Si sono dati appuntamento da tutta Italia (Liguria e Lazio, soprattutto, ma anche Toscana, Marche, Umbria e Sardegna sono bene rappresentate). Alcuni di loro hanno messo da parte compiti da correggere o libri universitari da studiare, altri hanno chiesto giorni di ferie e permessi, tutto pur di ritrovarsi a Roma per il secondo appuntamento in presenza del Percorso di formazione teologica e pastorale, promosso dai Salesiani dell’Italia centrale e aperto a tutte le figure che, ogni giorno, operano all’interno delle attività promosse dalle opere salesiane: responsabili di settore, coordinatori, educatori laici, docenti, catechisti, animatori di gruppo e membri delle equipe pastorali.
Si è così composto un gruppo di studenti molto eterogeneo, se si considerano età ed esperienze, ma accomunato dagli stessi obbiettivi: imparare, approfondire e arricchire il proprio bagaglio di conoscenze in fatto di pedagogia e cultura cristiana e – sopra ogni cosa – trasportare questa bellissima esperienza nelle loro vite e in quelle dei tanti giovani e bambini ai quali si dedicano con passione.
E così, tra lezioni intensive e corse pazze alla macchinetta del caffè, gli studenti del Percorso hanno accettato con entusiasmo questa possibilità di rimettersi in gioco e cimentarsi con teologia, antropologia, pedagogia, oltre che con l’occasione, per loro preziosa, di approfondire aspetti della vita e delle opere di San Francesco di Sales e San Giovanni Bosco, i due principali punti di riferimento di tutta la casa salesiana. Per i più infaticabili, oltretutto, c’è stata anche una bella occasione di visitare le bellezze di Roma, accompagnati da una guida turistica.
Il corso si è svolto in tre giorni, nel corso dei quali si sono alternati vari docenti, partendo da don Gianni Ghiglione, che ha illustrato il Sistema Preventivo Salesiano, per poi concludere con don Michelangelo Dessi e don Andrea Lupi, che si sono cimentati nell’ardua impresa di sostituire don Marco Rossetti nel corso dedicato allo studio della Bibbia. È stato molto apprezzato, infine, il laboratorio dell’affettività di Alessandro Ricci. Come dice Milena, infatti, «è fondamentale che chi educa sia il primo a interrogarsi e a lavorare personalmente su certe tematiche.
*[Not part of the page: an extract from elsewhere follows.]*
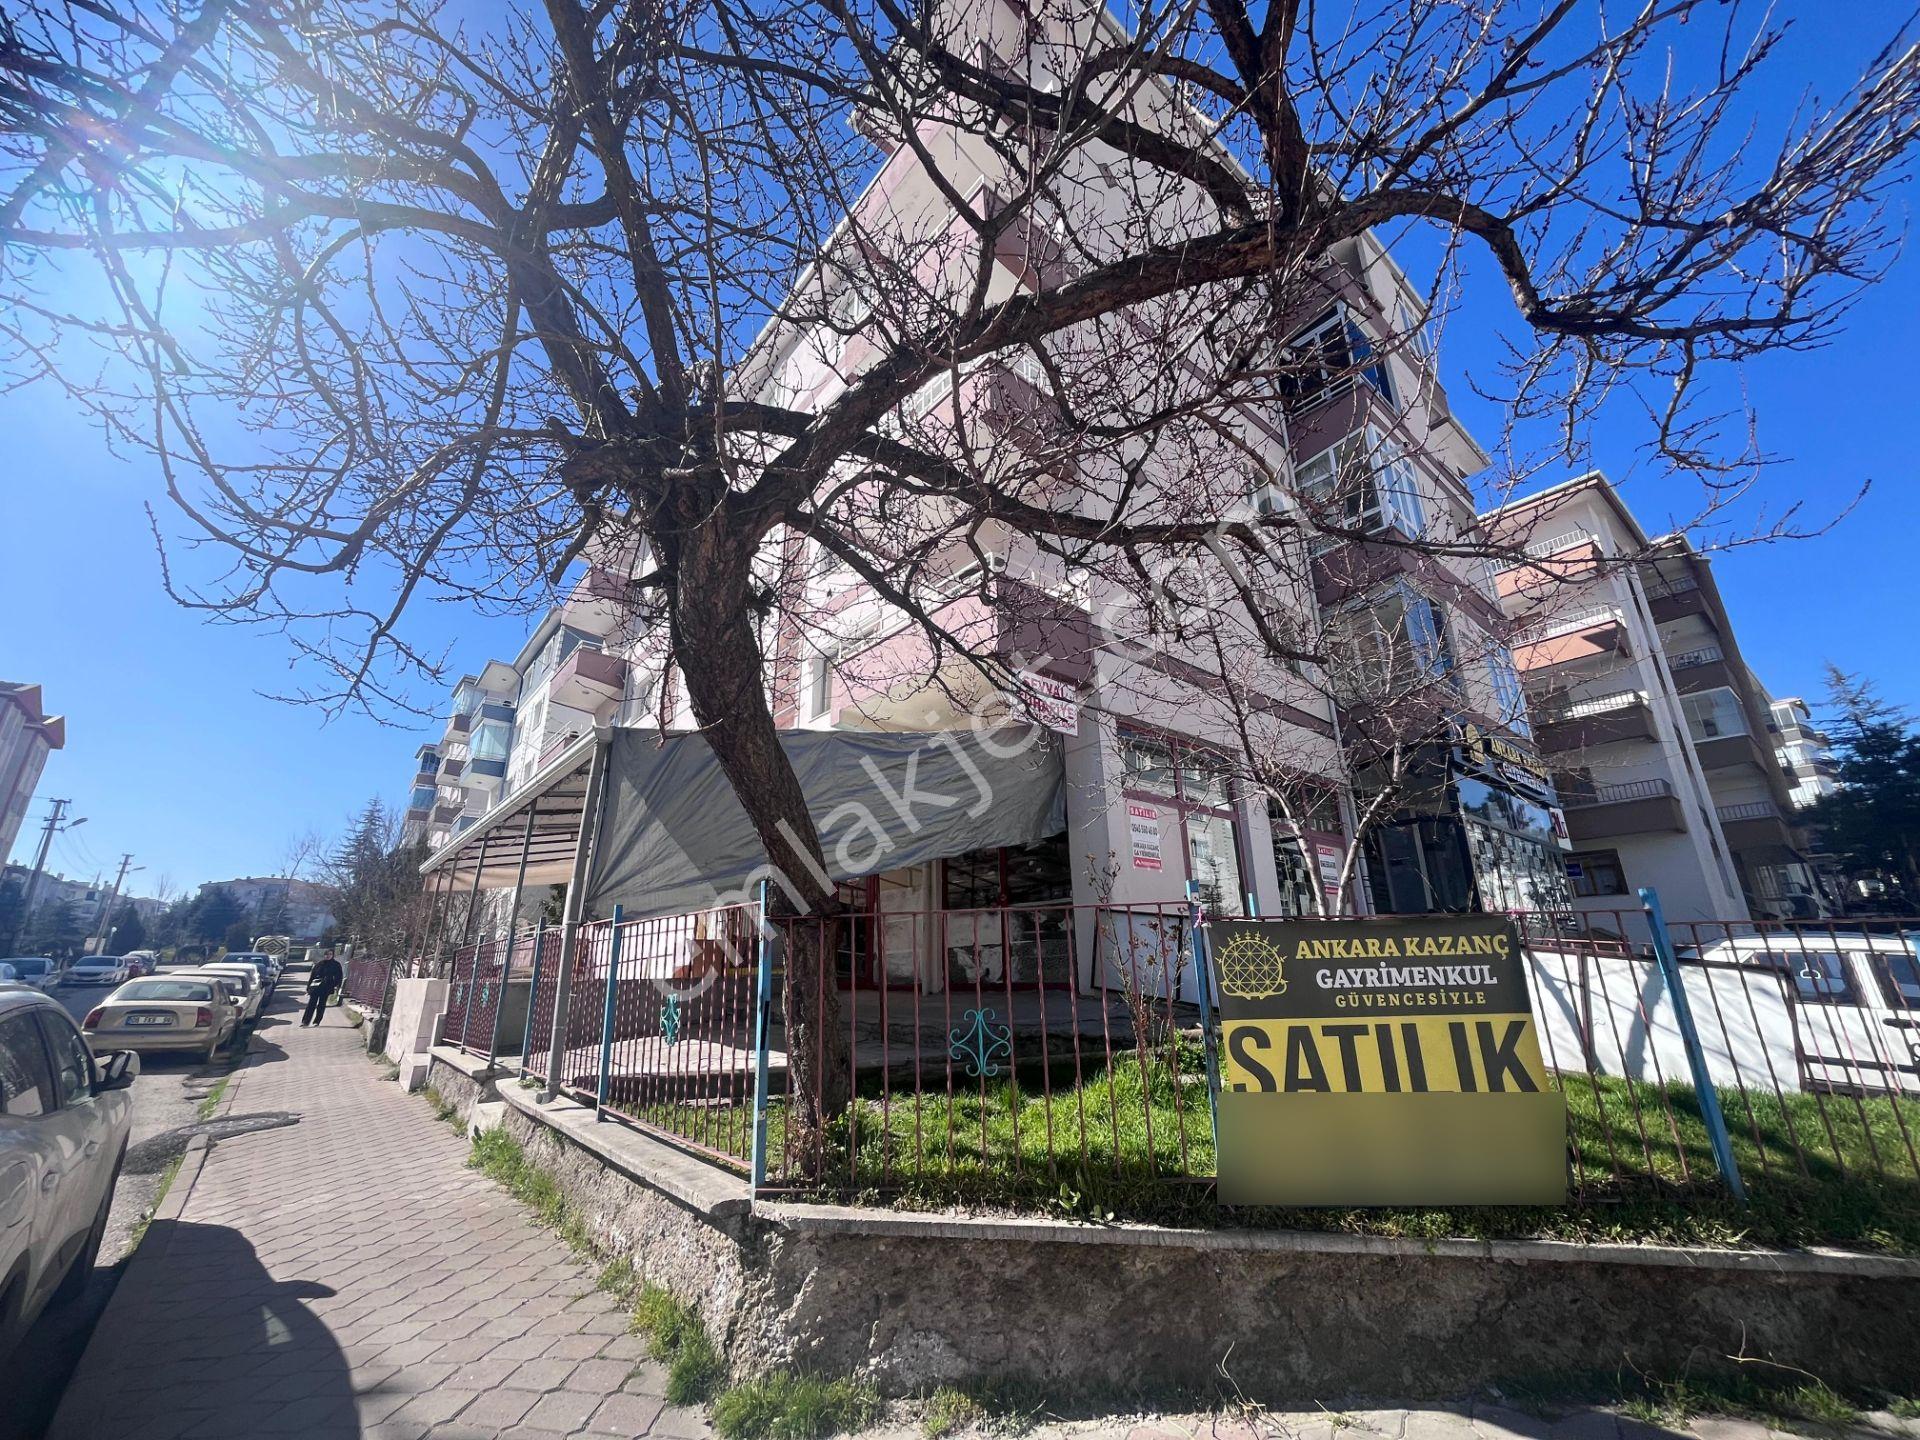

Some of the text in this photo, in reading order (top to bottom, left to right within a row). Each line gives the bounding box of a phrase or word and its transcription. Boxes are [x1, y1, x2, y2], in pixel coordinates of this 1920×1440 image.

[1295, 934, 1510, 960] ANKARA KAZANÇ
[1315, 961, 1497, 989] GAYRİMENKUL
[1335, 988, 1487, 1008] GÜVENCESİYLE
[1228, 1020, 1540, 1092] SATILIK
Sviluppare e aiutare a sviluppare intelligenza emotiva è una delle cose più importanti per chi educa i giovani». Come vediamo, i partecipanti non hanno fatto mancare energia ed entusiasmo, tuffandosi in un’esperienza che sembra aver toccato corde molto più profonde. «Mi sta facendo riscoprire le radici della mia fede» racconta Mattia, «Troppe volte la dimentichiamo e inseriamo nel cassetto delle cose poco importanti».
Non manca chi ha colto anche l’occasione di fare comunità, un obbiettivo sempre tra i principali di qualsiasi opera portata avanti nel nome di don Bosco. «Questi corsi dovrebbero divenire parte integrante di ogni casa Oratoriana» ci dice Tiziana. «Questa esperienza mi sta donando una luce su quanto vivo oggi e sono certa mi darà la possibilità di essere un educatore migliore domani. Non parlo solo della didattica, ma anche delle relazioni e situazioni che si creano inaspettatamente». Anche Lucia conferma questa impressione: «Rivedere tutti, dopo tre mesi, è stato come fare un incontro tra familiari sparsi tra le varie regioni d’Italia. E con i nuovi è nato subito un bel rapporto di famiglia.»
Il fine settimana si è chiuso domenica a pranzo, con un appuntamento già fissato per ritrovarsi il 21 novembre, e per qualcuno è già arrivato il momento di interiorizzare i tanti insegnamenti ricevuti. Claudio, ad esempio, mentre si avvia a prendere il suo treno per Genova, ci saluta così: «Mi porto nel cuore una bellissima frase di don Luigi Ghiglione “Chi ama, inventa”».